Records excerpted from a collection

= = =

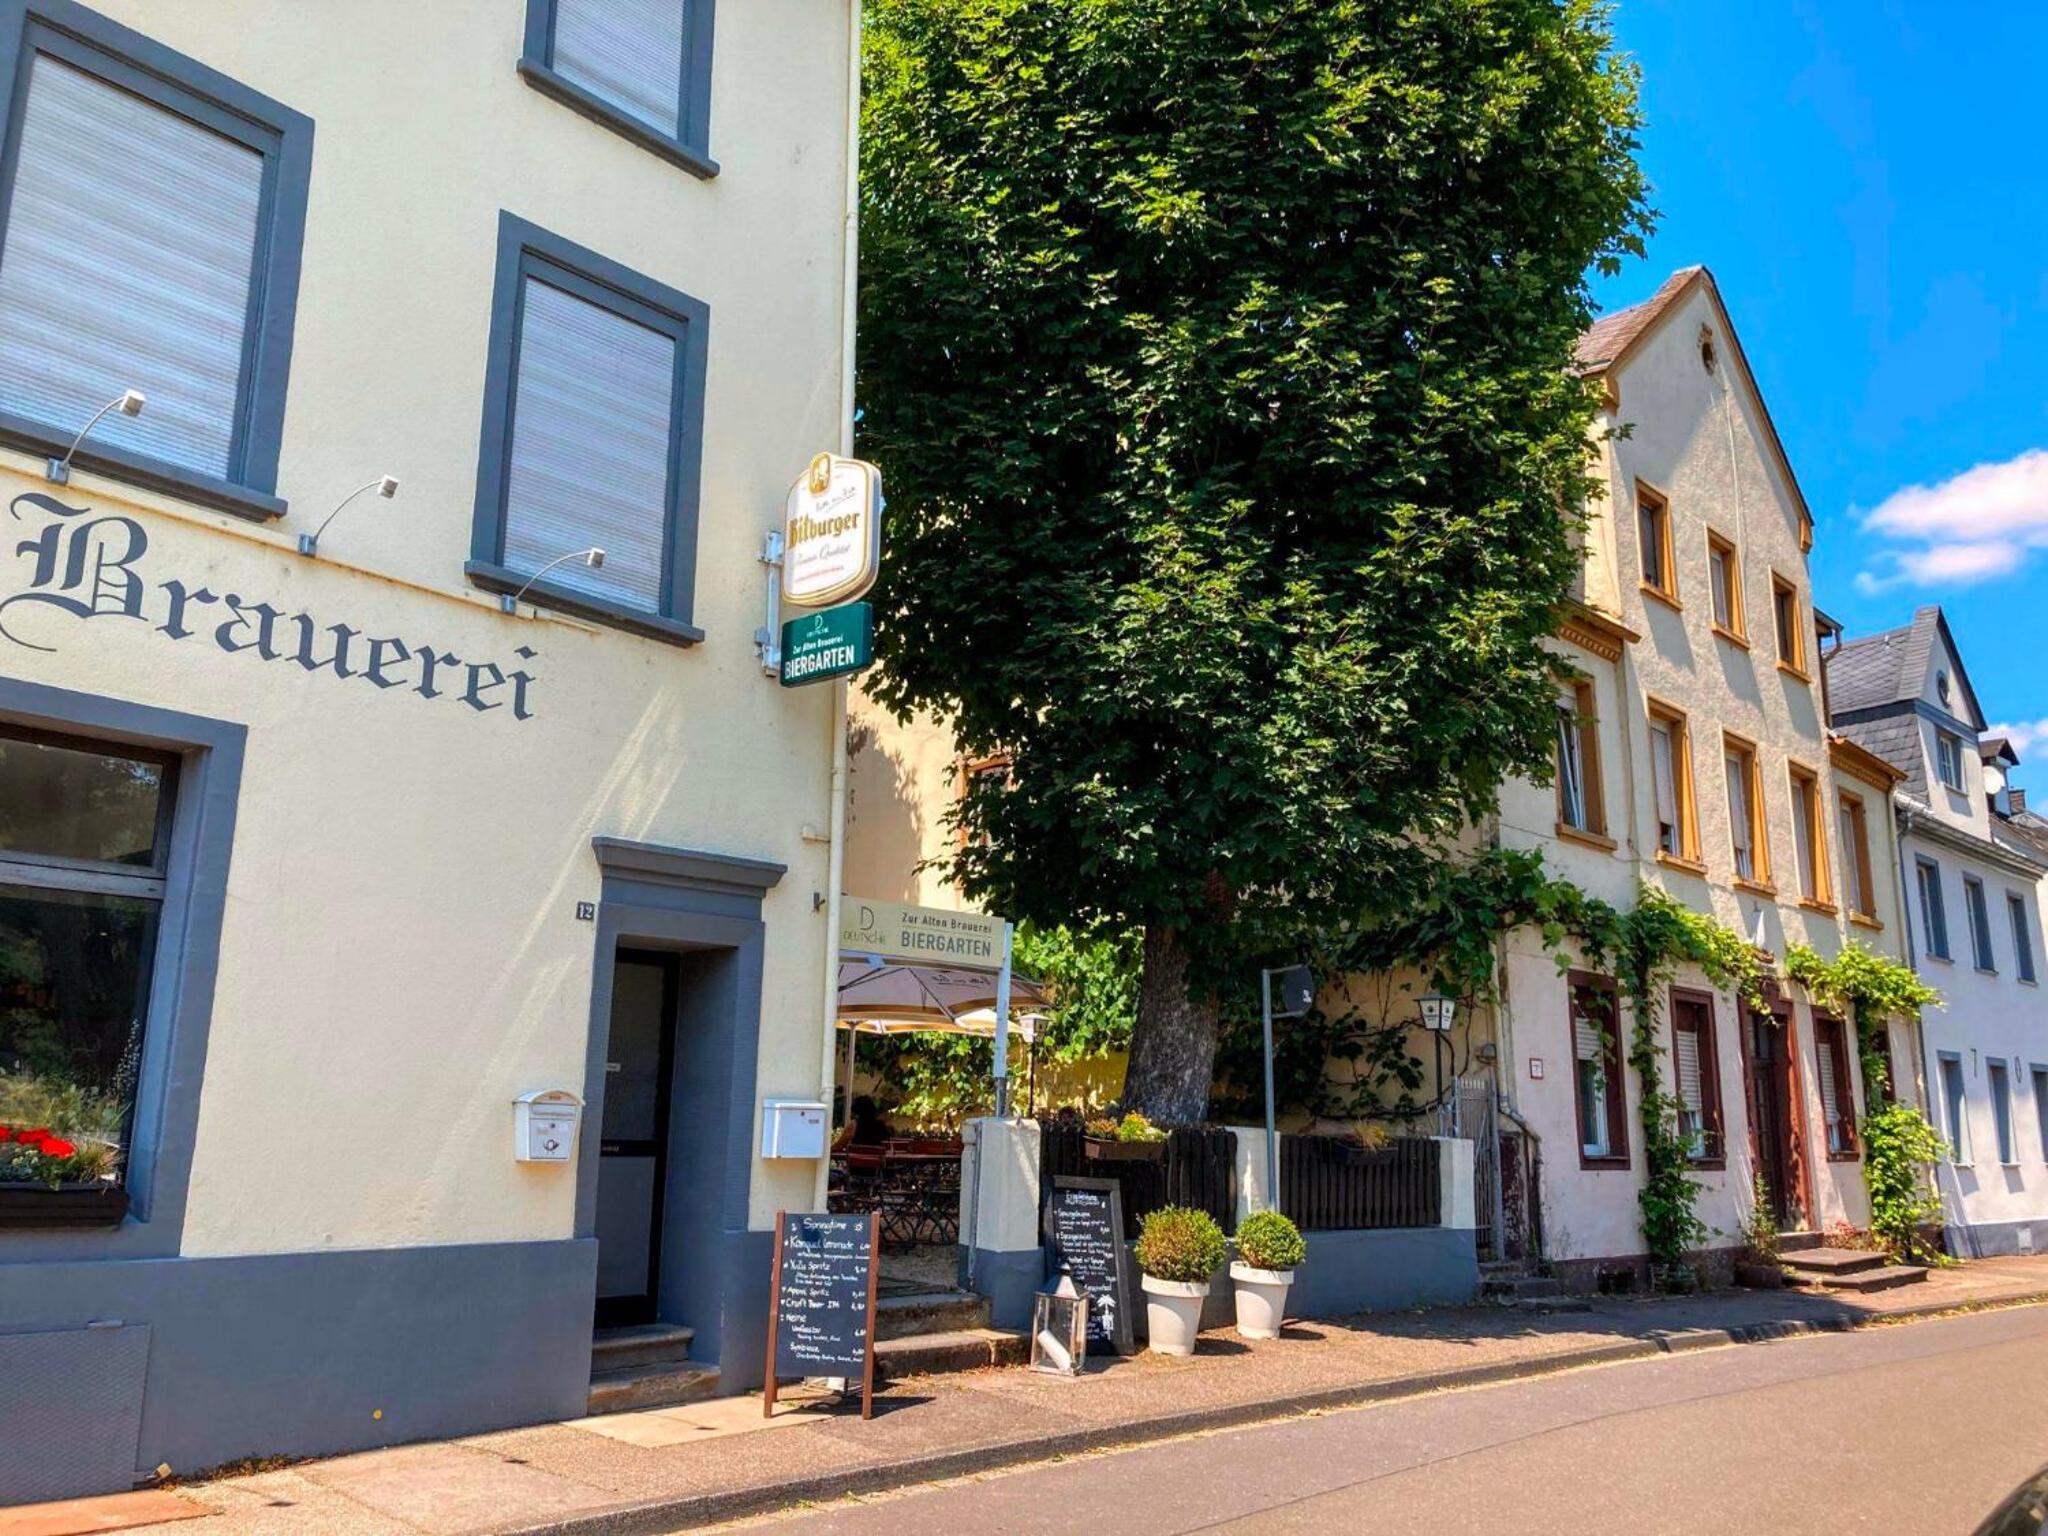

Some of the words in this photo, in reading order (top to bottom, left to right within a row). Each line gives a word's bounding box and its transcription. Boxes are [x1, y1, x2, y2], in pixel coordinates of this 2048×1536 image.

[788, 512, 861, 550] Bitburger
[0, 492, 537, 721] Brauerei
[802, 640, 817, 653] Alten
[817, 634, 844, 648] Brauerei
[784, 644, 855, 680] BIERGARTEN
[578, 904, 593, 919] 12
[901, 912, 918, 924] Zur
[922, 915, 947, 928] Alten
[951, 918, 992, 934] Brauerei
[901, 931, 992, 958] BIERGARTEN
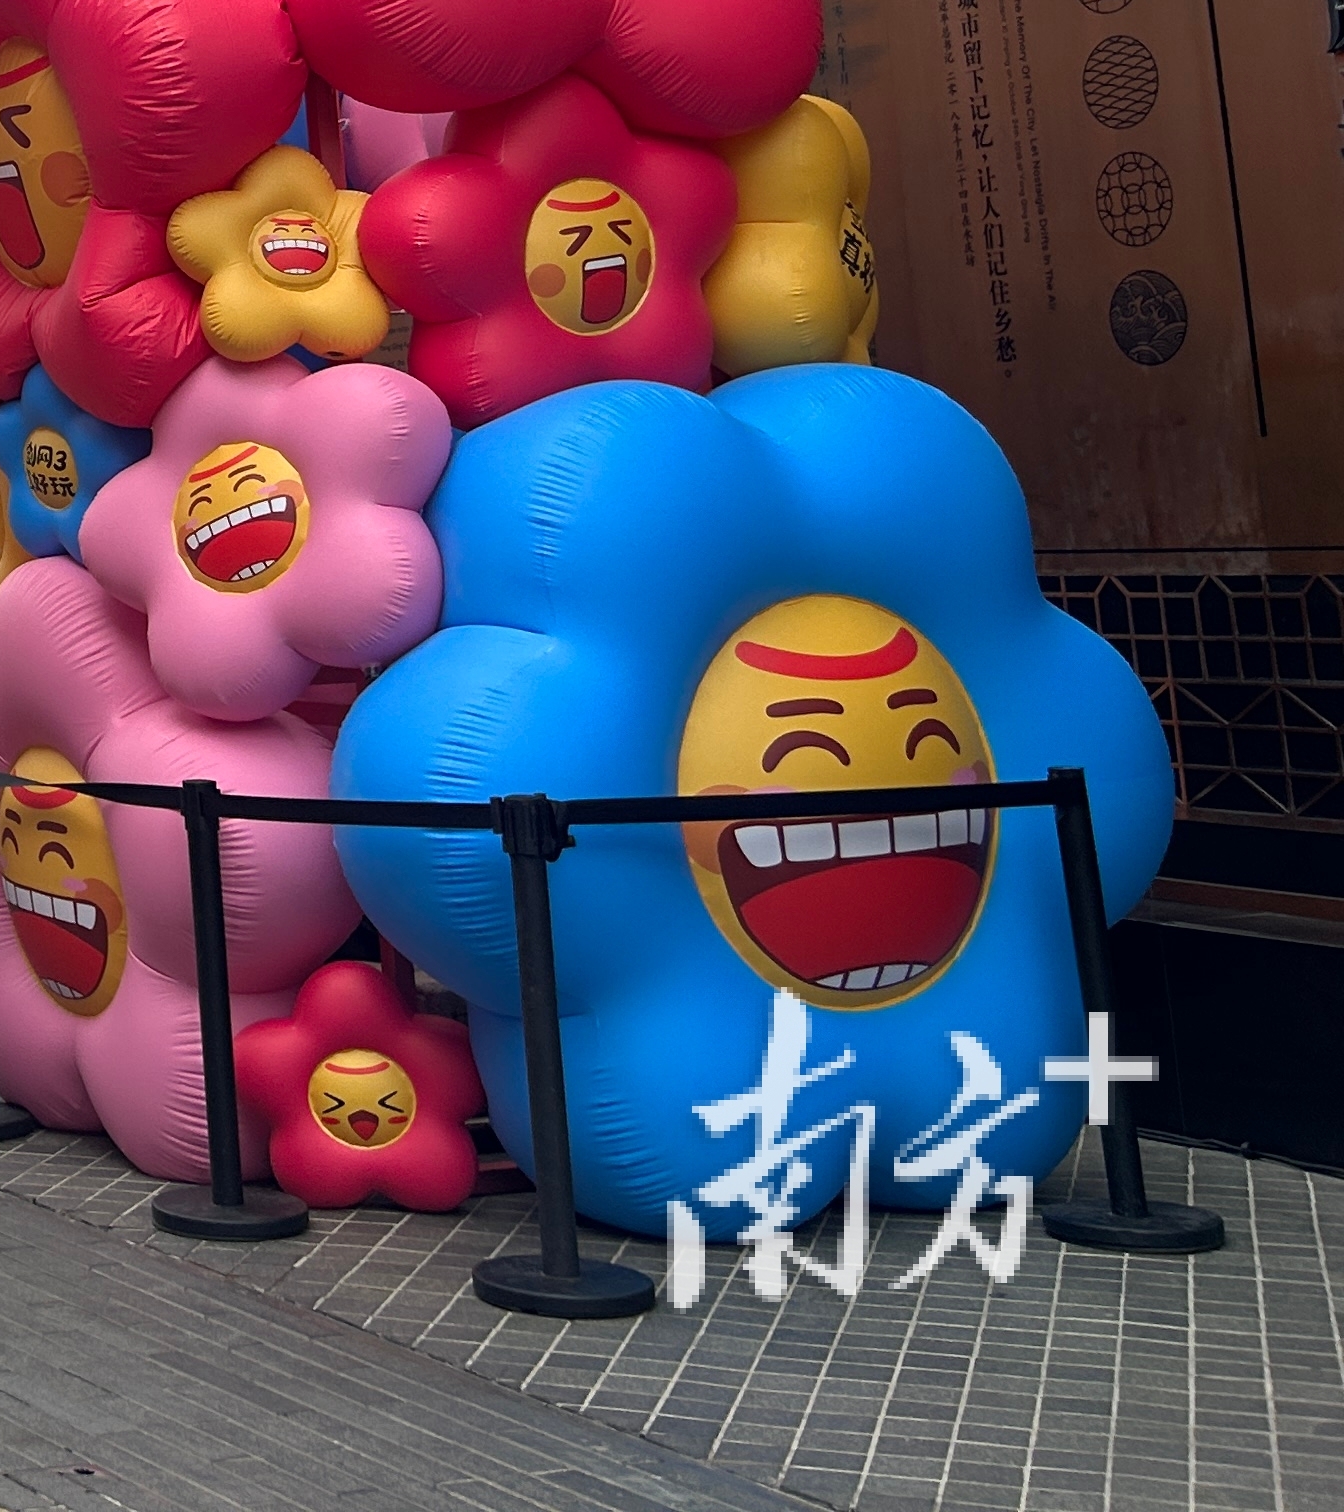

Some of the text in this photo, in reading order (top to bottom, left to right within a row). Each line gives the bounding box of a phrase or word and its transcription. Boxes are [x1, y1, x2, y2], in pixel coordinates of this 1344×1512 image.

[1016, 15, 1026, 62] Memory
[1022, 65, 1031, 80] Of
[1024, 83, 1032, 105] The
[1030, 137, 1039, 157] Let
[1033, 160, 1045, 215] Nostalgia
[1038, 218, 1050, 252] Drifts
[1045, 269, 1054, 291] The
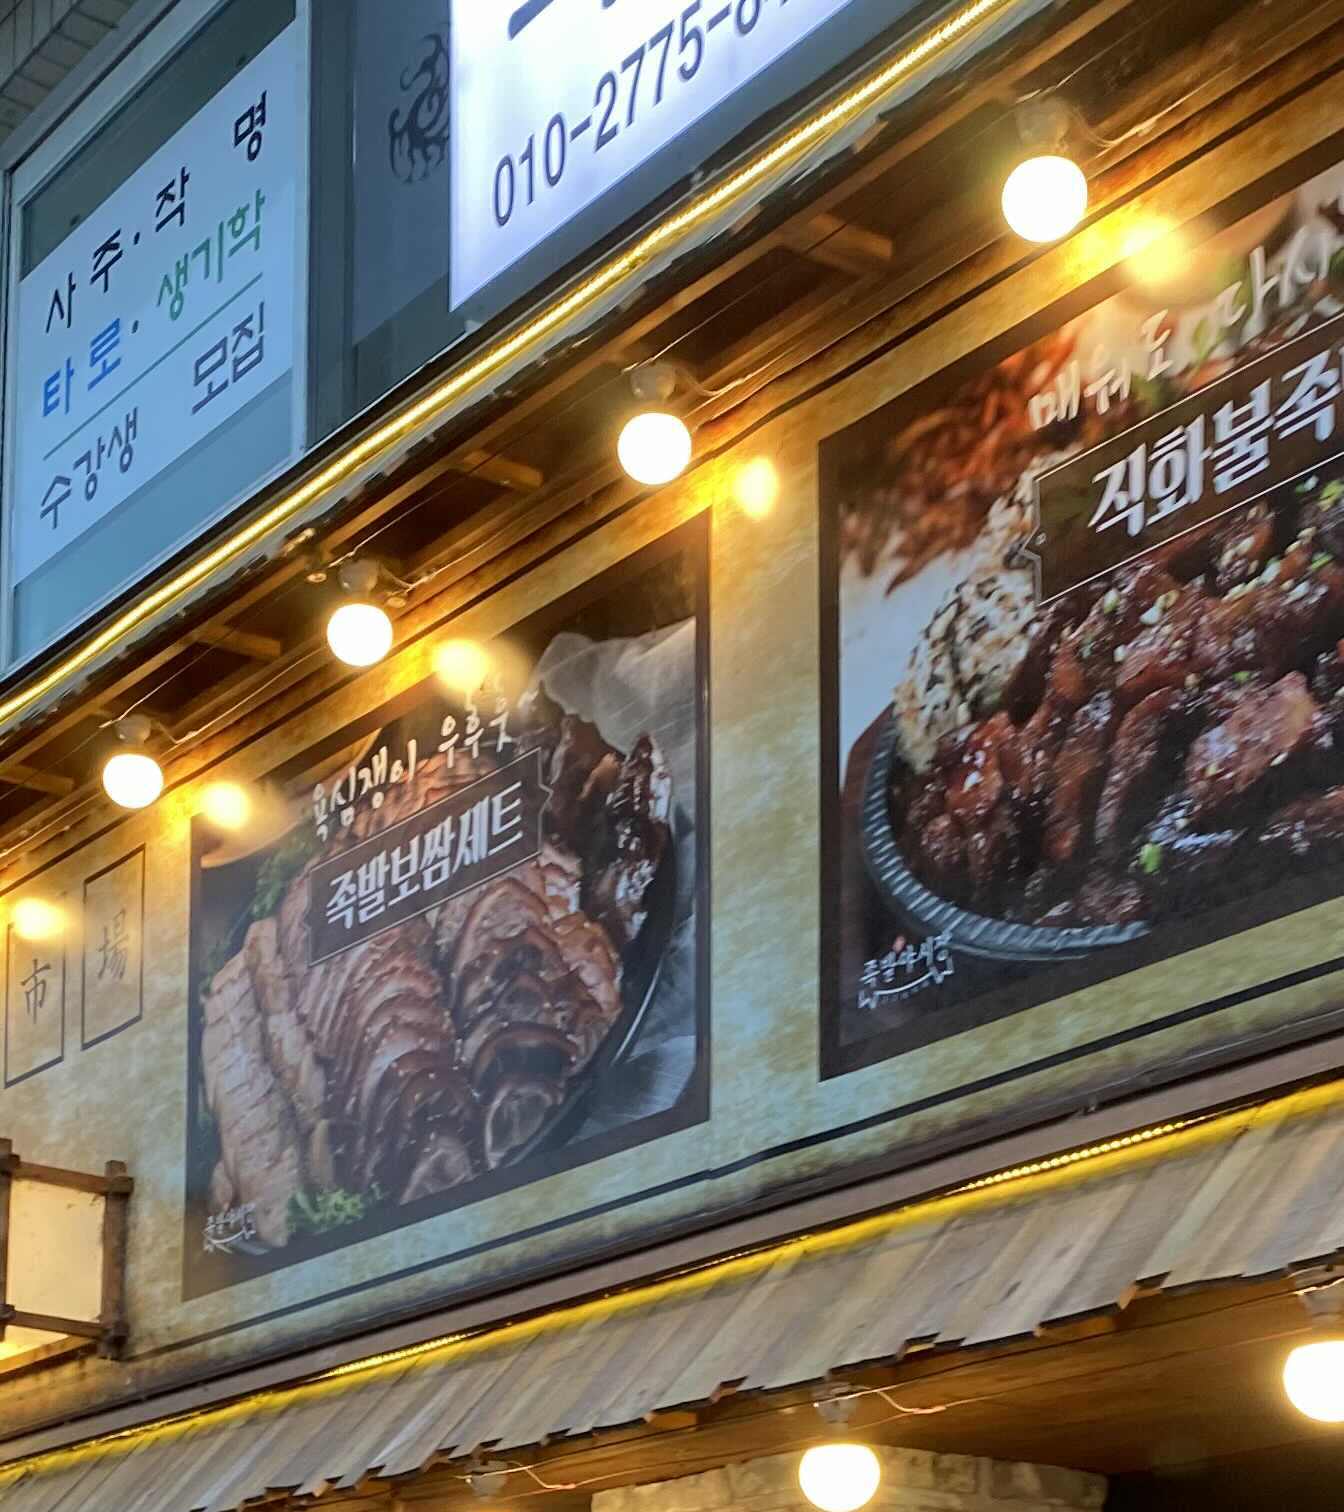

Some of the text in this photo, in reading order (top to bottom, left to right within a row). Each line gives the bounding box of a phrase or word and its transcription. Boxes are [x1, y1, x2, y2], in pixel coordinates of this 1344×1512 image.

[40, 302, 265, 532] 수강생 모집
[312, 739, 417, 843] 욕심쟁이
[325, 781, 524, 930] 족발보쌈세트
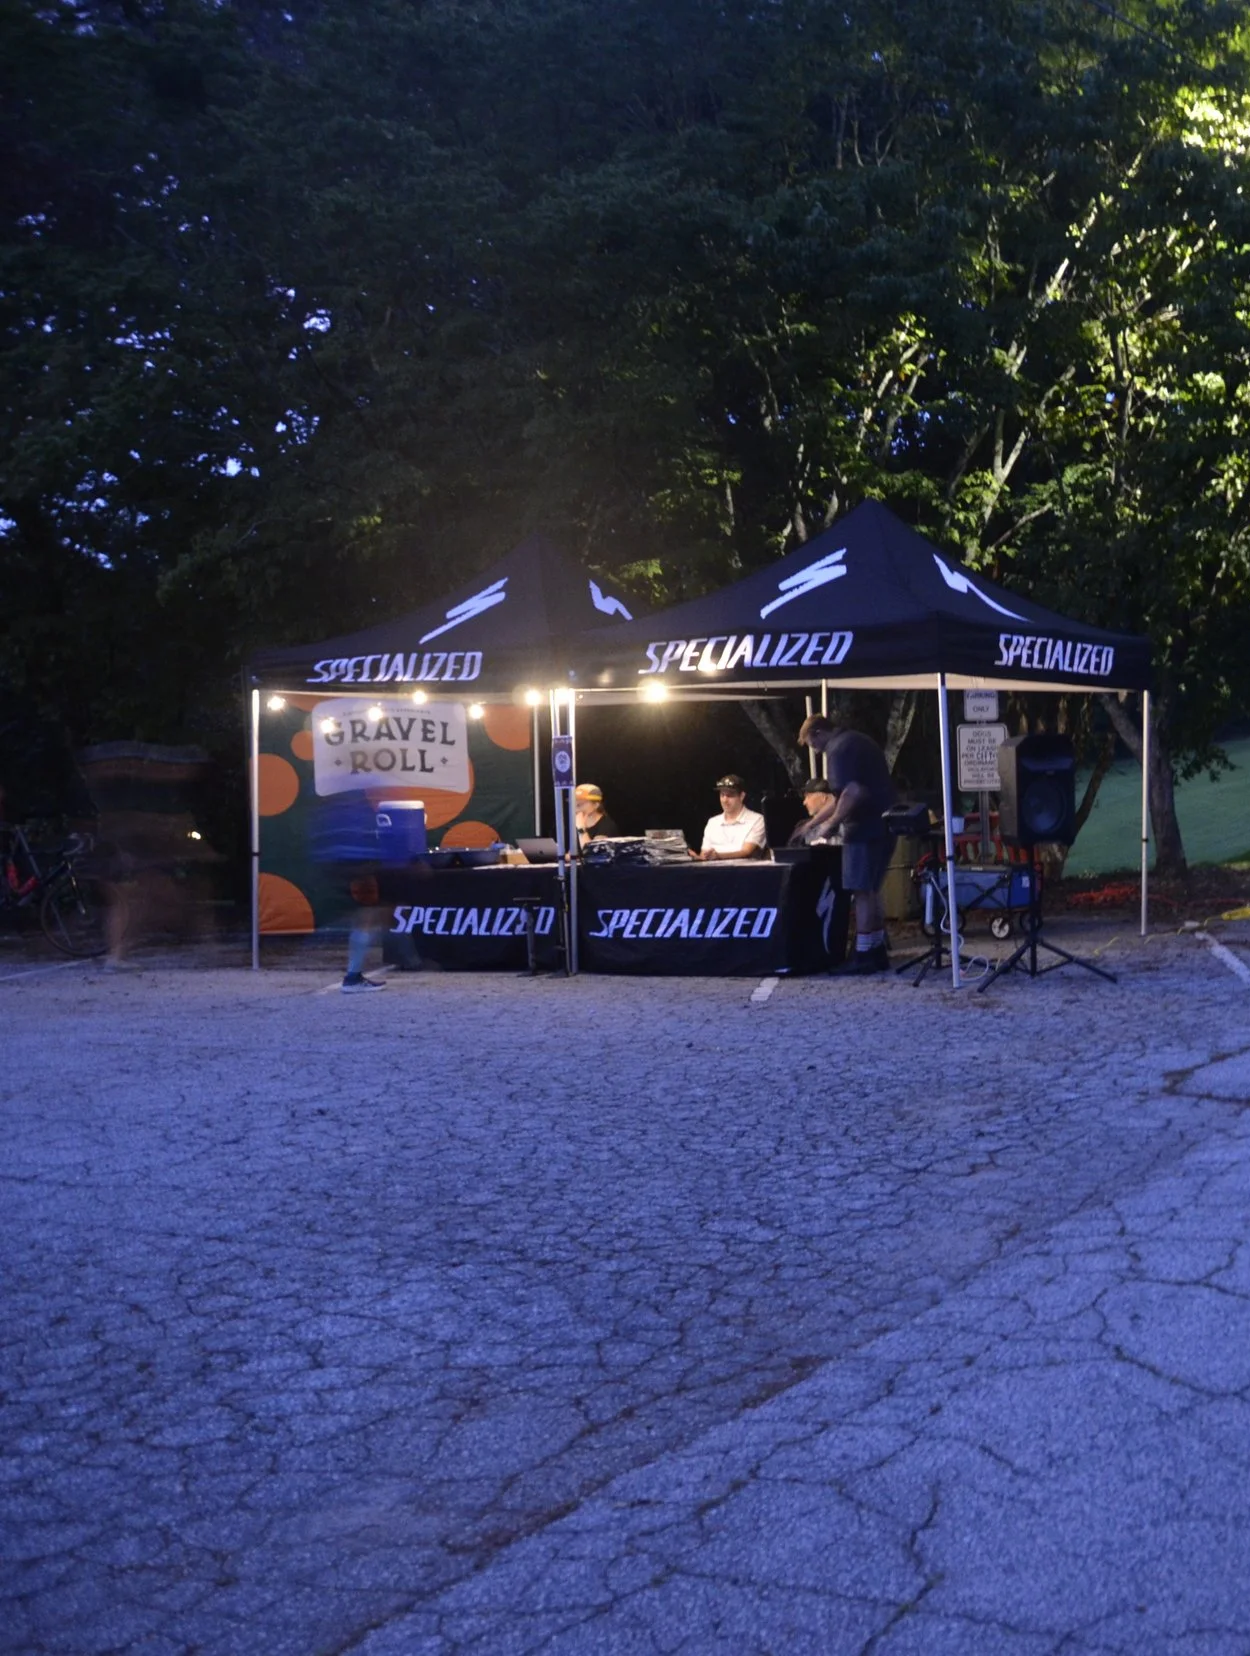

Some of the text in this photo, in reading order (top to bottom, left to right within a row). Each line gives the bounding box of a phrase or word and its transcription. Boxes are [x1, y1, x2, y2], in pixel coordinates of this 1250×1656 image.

[306, 651, 483, 683] SPECIALIZED
[638, 631, 854, 675] SPECIALIZED
[994, 633, 1115, 676] SPECIALIZED
[972, 705, 990, 713] ONLY
[324, 717, 456, 746] GRAVEL
[350, 748, 434, 775] ROLL
[589, 907, 778, 938] SPECIALIZED

= = =

◆ AIM OF THE EXERCISE:
Output the records above verbatim. Pictures stay out.

◆ RESULT:
Some of the words in this photo, in reading order (top to bottom, left to right within a row). Each line gives a word's bounding box and its transcription. Boxes are [x1, y1, x2, y2], in pixel coordinates of this 2048×1536 image.

[788, 512, 861, 550] Bitburger
[0, 492, 537, 721] Brauerei
[802, 640, 817, 653] Alten
[817, 634, 844, 648] Brauerei
[784, 644, 855, 680] BIERGARTEN
[578, 904, 593, 919] 12
[901, 912, 918, 924] Zur
[922, 915, 947, 928] Alten
[951, 918, 992, 934] Brauerei
[901, 931, 992, 958] BIERGARTEN

Some of the text in this photo, in reading order (top to bottom, left to right within a row). Each line gives the bounding box of a phrase or word and its transcription. Boxes are [x1, y1, x2, y2], in pixel coordinates of this 1344×1512 image.

[1016, 15, 1026, 62] Memory
[1022, 65, 1031, 80] Of
[1024, 83, 1032, 105] The
[1030, 137, 1039, 157] Let
[1033, 160, 1045, 215] Nostalgia
[1038, 218, 1050, 252] Drifts
[1045, 269, 1054, 291] The

Some of the text in this photo, in reading order (top to bottom, left to right within a row). Each line gives the bounding box of a phrase or word and its transcription. Boxes are [x1, y1, x2, y2], in pixel coordinates of this 1344×1512 image.

[40, 302, 265, 532] 수강생 모집
[312, 739, 417, 843] 욕심쟁이
[325, 781, 524, 930] 족발보쌈세트

Some of the text in this photo, in reading order (top to bottom, left to right within a row). Each line gives the bounding box of a phrase or word and its transcription. Boxes are [x1, y1, x2, y2], in pixel coordinates of this 1250×1656 image.

[306, 651, 483, 683] SPECIALIZED
[638, 631, 854, 675] SPECIALIZED
[994, 633, 1115, 676] SPECIALIZED
[972, 705, 990, 713] ONLY
[324, 717, 456, 746] GRAVEL
[350, 748, 434, 775] ROLL
[589, 907, 778, 938] SPECIALIZED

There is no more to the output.